ZFS beta now on Apple’s Mac OS X Leopard

“Noel Dellofano, part of the ZFS development team at Apple, has posted ZFS binaries and source code on Mac OS Forge. ZFS looks to be the first 21st century file system to make it to a high-volume desktop,” Robin Harris blogs for ZDNet.

“As I said in May ‘06, ZFS is ‘a complete software environment for protecting, storing and accessing data, designed for the most demanding enterprise environments. Using standard storage components: disk drives, enclosures, adapters, cables. No RAID arrays. No volume managers. No CDP. No fsck. No partitions. No volumes. Almost makes you nostalgic for the good old days, doesn’t it? Like before Novocaine,'” Harris writes.

“This is a beta filesystem, folks. It can hose all your data very effectively. So don’t go crazy.
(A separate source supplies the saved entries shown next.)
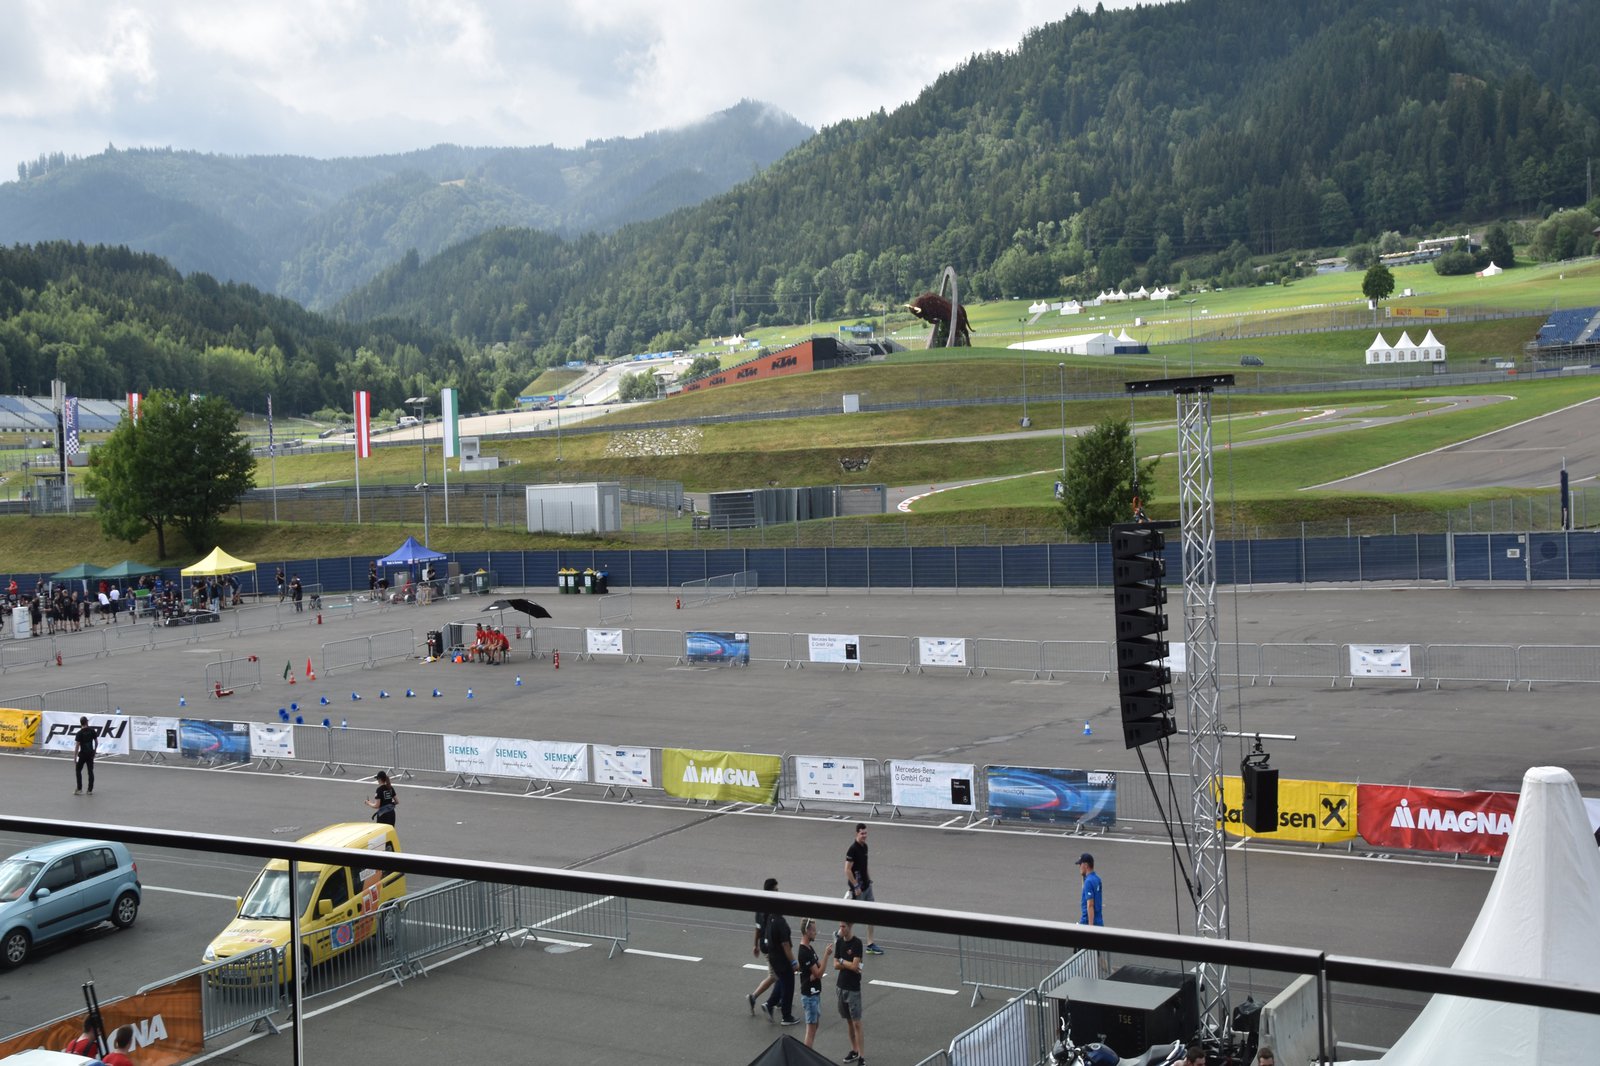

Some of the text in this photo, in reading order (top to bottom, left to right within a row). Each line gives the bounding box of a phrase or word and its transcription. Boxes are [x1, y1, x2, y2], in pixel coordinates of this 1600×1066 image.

[771, 355, 797, 370] KTM
[737, 366, 758, 379] KTM
[0, 733, 18, 743] Bank
[448, 745, 479, 756] SIEMENS
[495, 748, 527, 760] SIEMENS
[544, 752, 577, 763] SIEMENS
[895, 765, 936, 775] Mercedes-Benz
[700, 766, 760, 788] MAGNA
[900, 774, 918, 782] GmbH
[918, 775, 932, 783] Graz
[1417, 807, 1514, 836] MAGNA
[1117, 1013, 1132, 1025] TSE
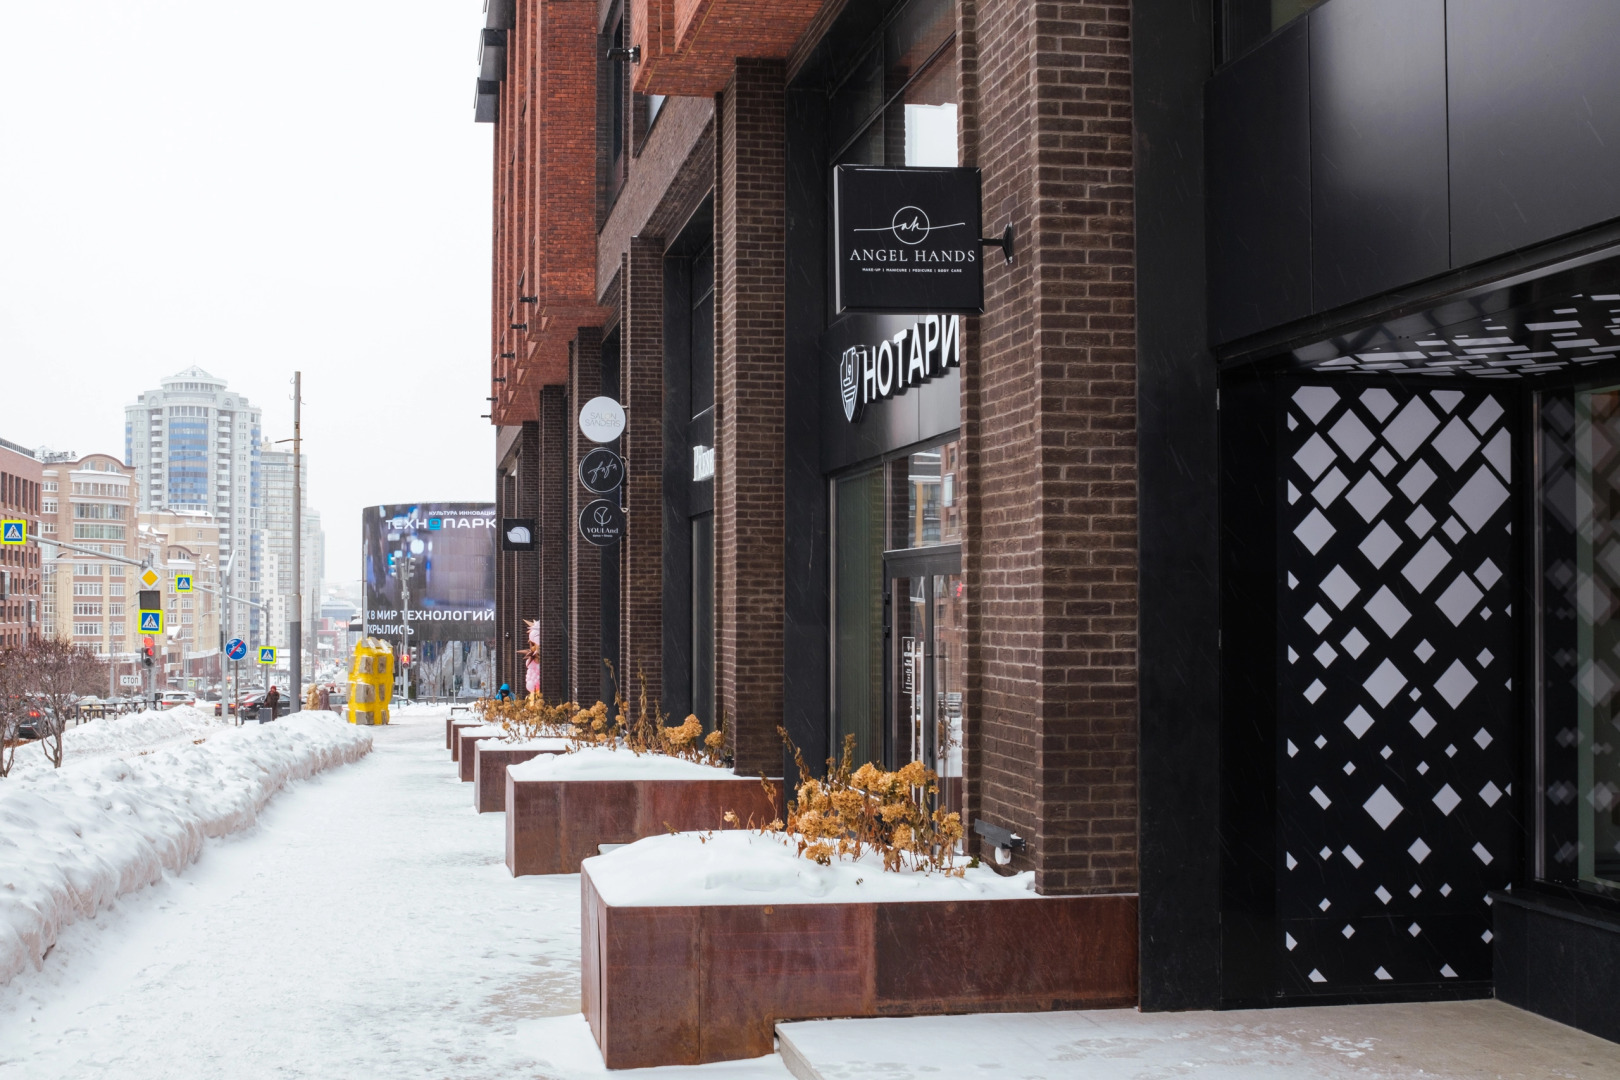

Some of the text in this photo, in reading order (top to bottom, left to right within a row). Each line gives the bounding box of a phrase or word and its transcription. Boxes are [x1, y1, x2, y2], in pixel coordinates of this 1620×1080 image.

A complete back up before you play ZFS is a minimum requirement.,” Harris writes. “If you think a ‘tar ball’ is black and sticky don’t even think about it.”

Full article here.

ZFS latest binaries and source code here.
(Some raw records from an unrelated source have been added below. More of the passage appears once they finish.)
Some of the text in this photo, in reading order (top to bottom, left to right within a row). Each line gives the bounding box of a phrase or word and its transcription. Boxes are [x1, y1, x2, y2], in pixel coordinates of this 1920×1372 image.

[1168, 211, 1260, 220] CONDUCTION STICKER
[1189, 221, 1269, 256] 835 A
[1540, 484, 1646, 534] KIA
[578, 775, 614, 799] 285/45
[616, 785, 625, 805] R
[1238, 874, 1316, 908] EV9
[Thanks to MacDailyNews Reader “Linux Guy And Mac Prodigal Son” for the heads up.]


  1. A “tar ball” IS “black and sticky”. But it works, and works just fine. IF the folks at both ends of it (which may be the same person) understand it. I once had a client return from Japan telling me “it didn’t work” … opened up fine for me, on my drive. Turned out his drive was not quite up to snuff, but not so far gone as to complain.
    What’s this about “no RAID”? RAID is a safety feature, not a work-around or “fix-it”. Is redundancy built in to ZFS? Please say “yea” so I can pass it along to my podcast host. (we had a RAID array crash a while back … lots of folks lost way too much stuff)
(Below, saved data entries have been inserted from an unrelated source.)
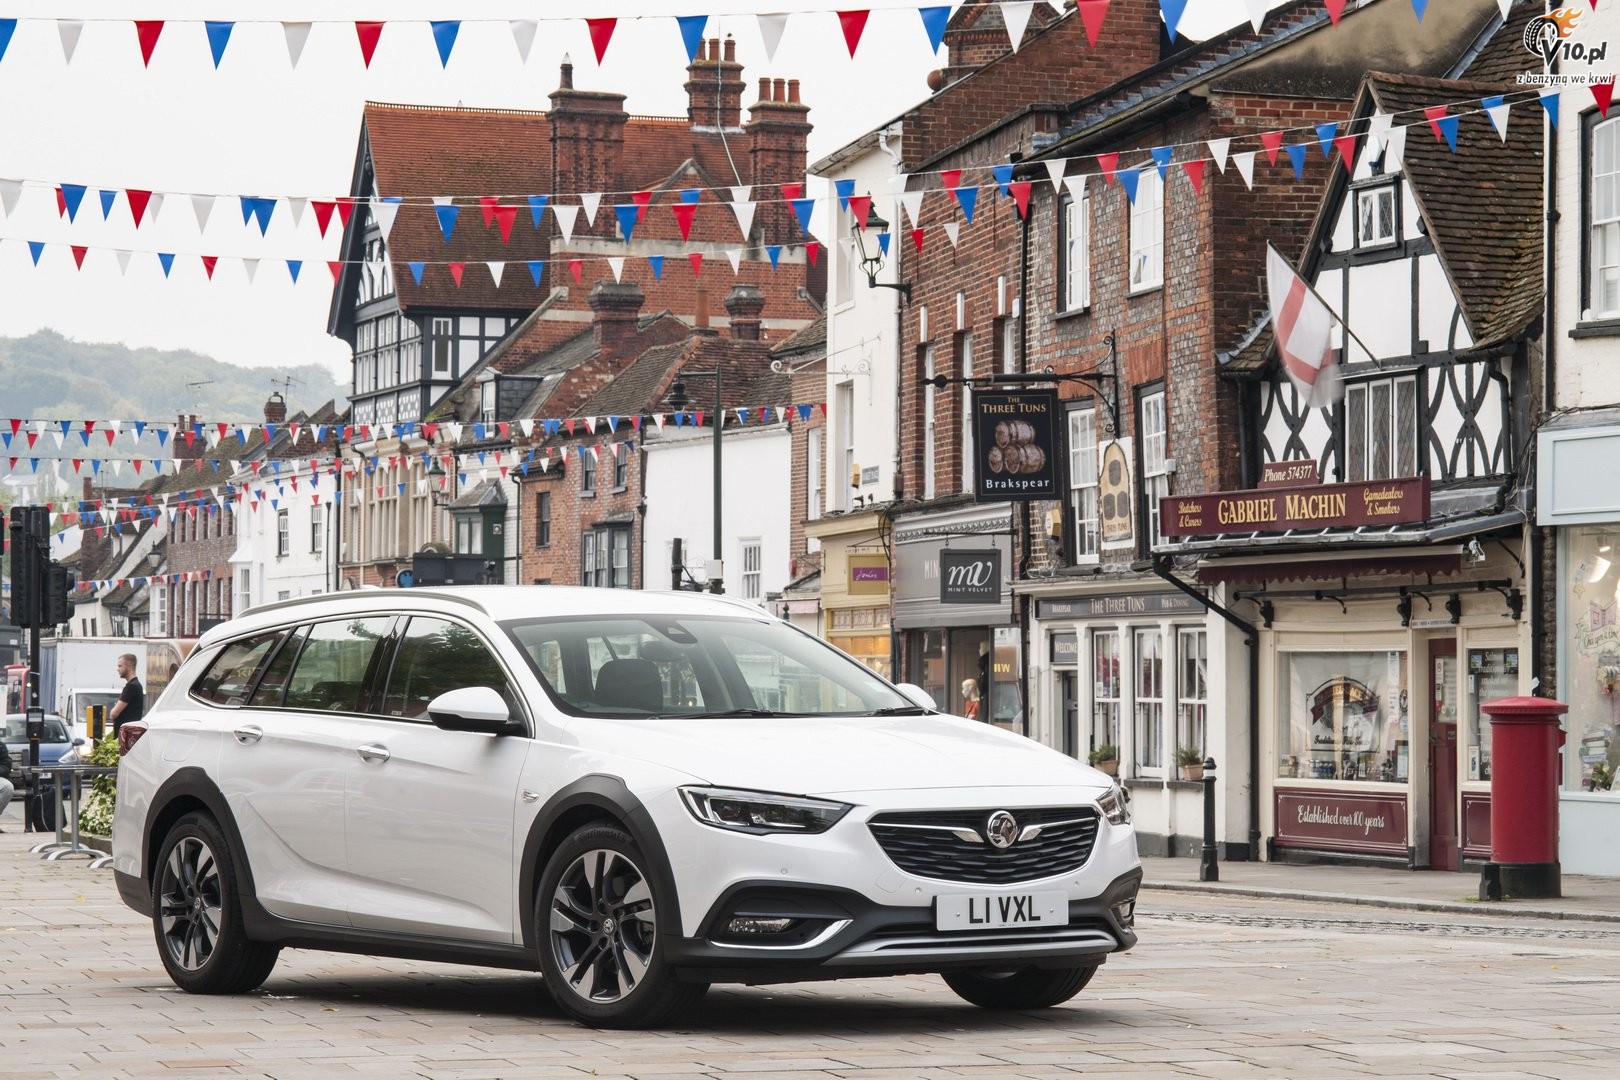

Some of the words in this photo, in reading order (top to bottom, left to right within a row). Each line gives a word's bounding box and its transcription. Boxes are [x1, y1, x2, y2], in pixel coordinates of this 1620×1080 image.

[981, 403, 1016, 413] THREE
[1018, 403, 1047, 412] TUNS
[1264, 467, 1286, 482] Phone
[1286, 465, 1312, 480] 574377
[985, 478, 1050, 490] Brakspear
[1363, 486, 1404, 505] Gamedealers
[1178, 501, 1202, 514] Butchers
[1218, 498, 1278, 525] GABRIEL
[1285, 493, 1347, 520] MACHIN
[1367, 506, 1373, 516] &
[1374, 501, 1401, 515] Smokers
[924, 560, 939, 579] MIN
[1090, 598, 1104, 615] THE
[1104, 597, 1126, 613] THREE
[1126, 596, 1145, 612] TUNS
[1054, 641, 1078, 654] WELCOME
[1297, 804, 1339, 824] Established
[1339, 813, 1353, 826] over
[1364, 816, 1385, 836] years
[998, 895, 1041, 923] VXL
  2. For Apple ZFS isn’t an entrance to enterprise. No, what it is is the great step needed for relieving home users of the annoyance and confusion of volume based file storage.

    People are filling up their hard drives with video and music, and storing that stuff–particular itunes managed material–over multiple drives is a gigantic pain in the ass, particularly since the itunes program ignores symbolic links so you can’t even have one drive for music, another for TV shows, another for movies, etc. ZFS takes all that away–instead of having to change storage locations when a drive is filled plugging in a new drive just increases the general storage space available without user involvement other than plugging in the drive.

    ZFS involves a lot of mumbo-jumbo and that’s what has people thinking enterprise level, but Apple’s specialty is turning that kind of mumbo-jumbo ladened thing into something as simple and seamless as possible.

  3. ZFS is a Microsoft killer — in both the consumer market and the enterprise. So many of the advanced features built at higher levels of the operating system are made simpler to implement, that Apple will gain a huge advantage in development speed, leaving competitors in the dust.

    Apple is going in for the kill. Hang on to your AAPL.